"Now And Then"

(Steel Cage Records 2003)Sickidz - Now And Then

Unless you were around at the height of the Philadelphia punk scene in the late '70s/early '80s, you have probably never heard of the Sickidz. No matter, you can go out and hear them for the first time now, because the Sickidz are back playing shows in clubs. They are also back on the stereos of sick kids everywhere thanks to a new release of both newly recorded songs and older unreleased live material on Steel Cage Records called "Sickidz Now and Then." The album is a collection of nine songs spanning over twenty years which includes five newly recorded songs (with the new lineup) as well as four classic Sickidz live performances from 1980.
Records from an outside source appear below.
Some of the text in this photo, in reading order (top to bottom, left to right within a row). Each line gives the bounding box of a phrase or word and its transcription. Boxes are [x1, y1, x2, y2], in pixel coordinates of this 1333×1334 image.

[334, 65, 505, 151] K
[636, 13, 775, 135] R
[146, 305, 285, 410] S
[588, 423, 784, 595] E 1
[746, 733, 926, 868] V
The first song, "1, 2, 3, 4, Die, Die, Die," combines a slow, driving beat, super-fuzzy guitars, and psychobilly echo vocals into a theme song for juvenile delinquency that is just over a minute and half long. Instrumentally, this song captures the menacing feel of many Link Wray songs. The newly recorded "(At the) Hot Club" is a song about a long-gone Philly punk club that has a good time rock 'n' roll vibe, complete with old time rock piano and fun lyrics such as, "You might see a man in a police suit/You might see a boy with snakeskin boots/You might see a girl with a Chinese tan/You might see a guy they call Spider Man"¦at the Hot Club!" For the next song, "If the Flys are Alive," the tempo slows a bit as Mick Cancer reminisces about a band he saw "Sometime back in the late nineteen seventies." "If the Flys are Alive," is not only a sentimental song about the good old days, but also a plea for a long-gone band to come back, as evidenced by the chorus of the song, "If the Flys are alive, if the Flys are alive, won't you please come back, won't you please come back." Next, the Sickidz perform a stomping cover of the Nomads' classic, "Wasn't Born to Work," providing needed contrast to the previous song, which was the longest and slowest on the album.
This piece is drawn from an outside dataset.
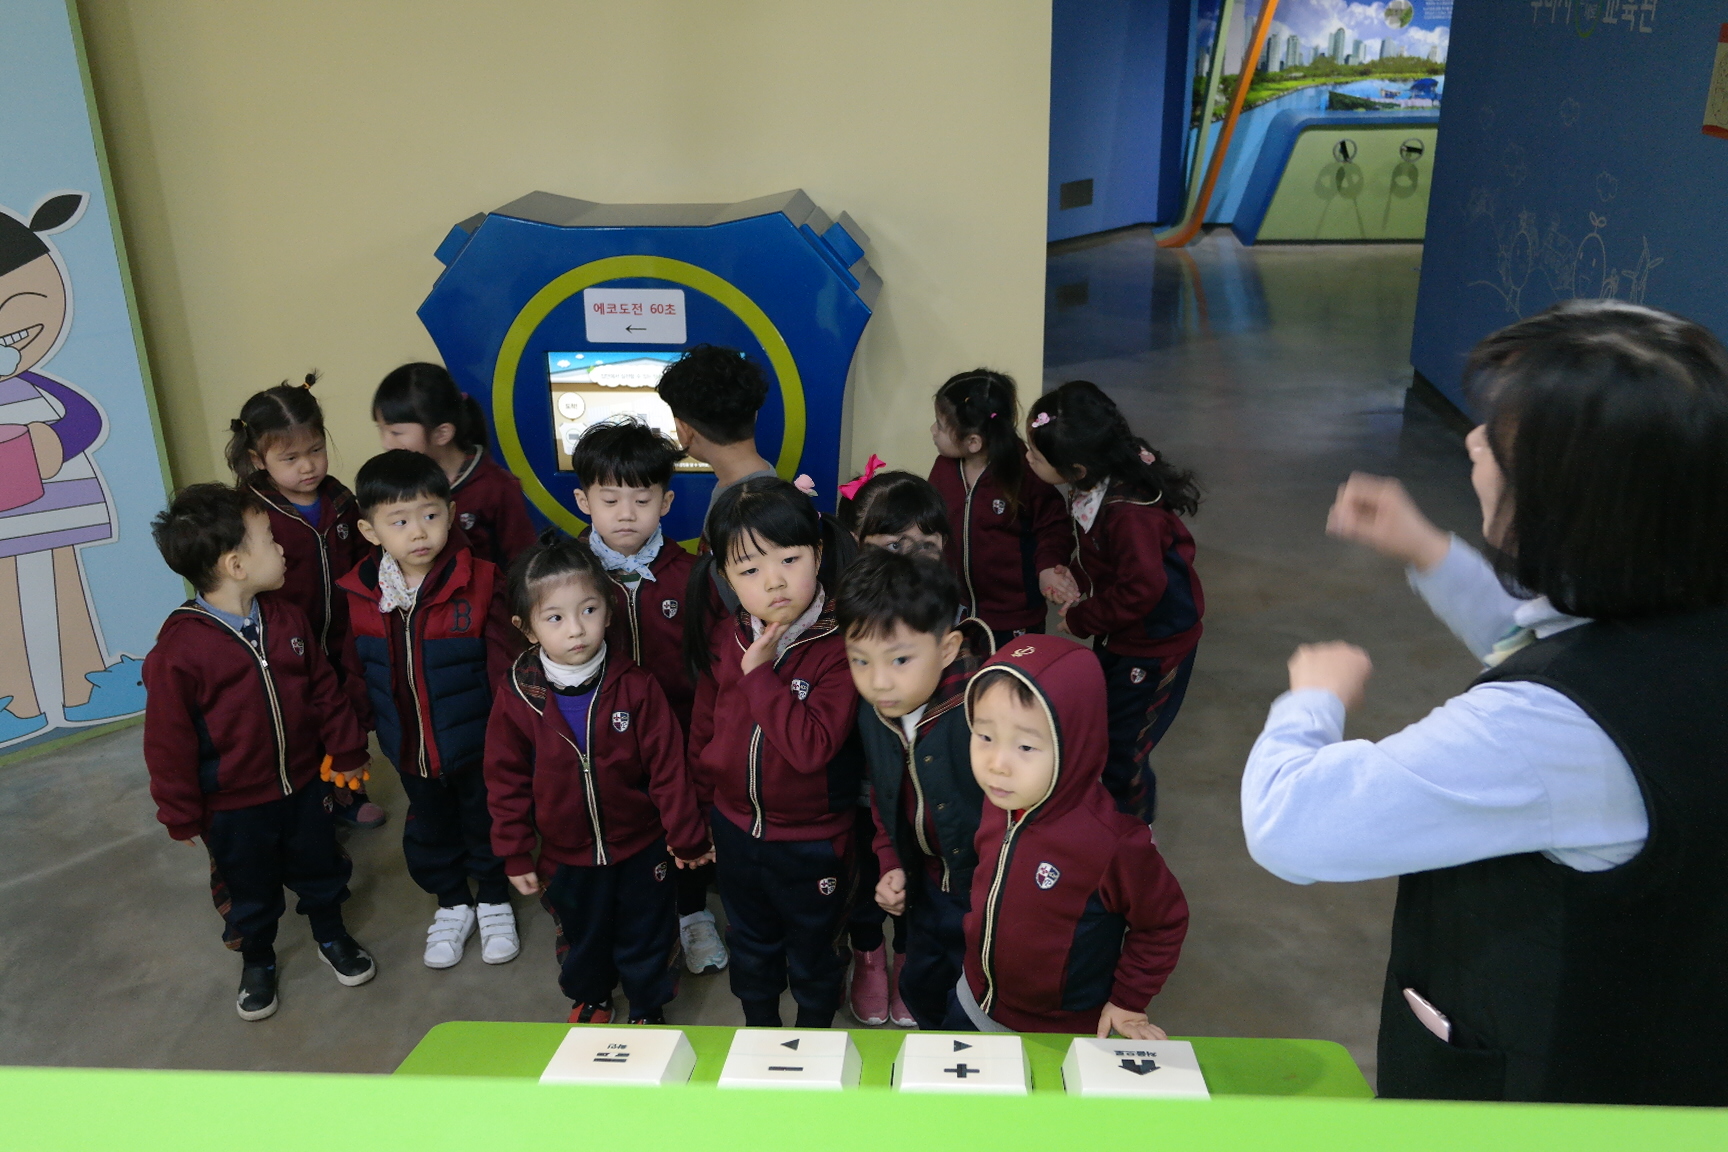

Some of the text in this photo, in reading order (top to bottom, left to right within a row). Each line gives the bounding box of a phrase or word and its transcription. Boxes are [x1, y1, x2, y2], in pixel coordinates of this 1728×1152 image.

[593, 302, 677, 316] 에코도전 60초
[449, 598, 472, 633] B
The last five songs on "Sickidz Now and Then" are live recordings of various club shows. The first live song is a punk rock version of "Springtime for Hitler" (from the Mel Brooks movie "the Producers") which was recorded in 2003 when the Sickidz opened for the Cramps in Philadelphia. This song is as funny as ever if you get that it is supposed to be sarcastic, but the Philadelphia crowd in the recording did not understand sarcasm, so after the Sickidz finished playing it Mick announces to the crowd, "Well, it's good to know we have a left-wing audience, at least." Next up are live versions of "1, 2, 3, 4 Die Die Die" and "(At the) Hot Club" that were recorded in 1980 with the original Sickidz lineup. These versions are raw and fast, and creepy and urgent at the same time, like the punk rock of the time. These songs are followed with a live cover of the Cramps' "I'm Cramped" from 1980, and an older live version of "Springtime for Hitler" done with the original Sickidz lineup.
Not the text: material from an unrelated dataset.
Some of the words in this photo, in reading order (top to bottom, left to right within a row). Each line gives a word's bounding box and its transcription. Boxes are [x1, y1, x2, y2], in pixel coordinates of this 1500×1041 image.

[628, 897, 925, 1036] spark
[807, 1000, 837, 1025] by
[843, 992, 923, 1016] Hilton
While the old live recordings are important to the history of the band, they lack the maturity of the newer Sickidz songs: that is, the idea that you can still rock hard and be dangerous if you play slowly. In fact, the Sickidz sound more dangerous when they slow down their songs. Overall, the only thing the "Sickidz Now and Then" lacks is enough new Sickidz material to keep dozens of repeat plays of the record from getting old.